# [Task description]
Please write out the final portion of the records below exactly: the line containing "this 1600×1200 image.", every line after it, and nothing else.

Referring expression grounding data
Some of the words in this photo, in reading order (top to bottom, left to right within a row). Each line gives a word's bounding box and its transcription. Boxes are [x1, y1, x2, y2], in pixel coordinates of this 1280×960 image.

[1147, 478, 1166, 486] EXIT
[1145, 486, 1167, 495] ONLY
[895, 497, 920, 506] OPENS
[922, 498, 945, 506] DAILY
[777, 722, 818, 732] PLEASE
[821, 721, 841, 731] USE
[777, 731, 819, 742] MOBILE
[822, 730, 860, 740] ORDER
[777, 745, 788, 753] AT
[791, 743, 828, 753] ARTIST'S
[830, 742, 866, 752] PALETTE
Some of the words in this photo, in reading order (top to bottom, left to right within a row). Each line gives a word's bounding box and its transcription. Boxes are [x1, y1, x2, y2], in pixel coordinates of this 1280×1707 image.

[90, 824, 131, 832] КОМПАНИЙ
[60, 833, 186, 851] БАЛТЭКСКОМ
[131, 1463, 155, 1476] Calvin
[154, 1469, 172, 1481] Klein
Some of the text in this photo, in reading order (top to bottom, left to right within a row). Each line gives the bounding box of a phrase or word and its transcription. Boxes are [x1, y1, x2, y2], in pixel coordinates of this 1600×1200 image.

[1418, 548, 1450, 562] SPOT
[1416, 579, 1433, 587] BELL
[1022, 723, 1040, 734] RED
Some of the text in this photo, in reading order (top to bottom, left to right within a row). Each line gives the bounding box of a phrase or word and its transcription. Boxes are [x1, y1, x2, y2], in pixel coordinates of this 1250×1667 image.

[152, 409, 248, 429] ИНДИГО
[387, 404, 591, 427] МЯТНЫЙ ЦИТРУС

# [Exercise answer]
Some of the text in this photo, in reading order (top to bottom, left to right within a row). Each line gives the bounding box of a phrase or word and its transcription. Boxes are [x1, y1, x2, y2], in pixel coordinates of this 1600×1200 image.

[1418, 548, 1450, 562] SPOT
[1416, 579, 1433, 587] BELL
[1022, 723, 1040, 734] RED
Some of the text in this photo, in reading order (top to bottom, left to right within a row). Each line gives the bounding box of a phrase or word and its transcription. Boxes are [x1, y1, x2, y2], in pixel coordinates of this 1250×1667 image.

[152, 409, 248, 429] ИНДИГО
[387, 404, 591, 427] МЯТНЫЙ ЦИТРУС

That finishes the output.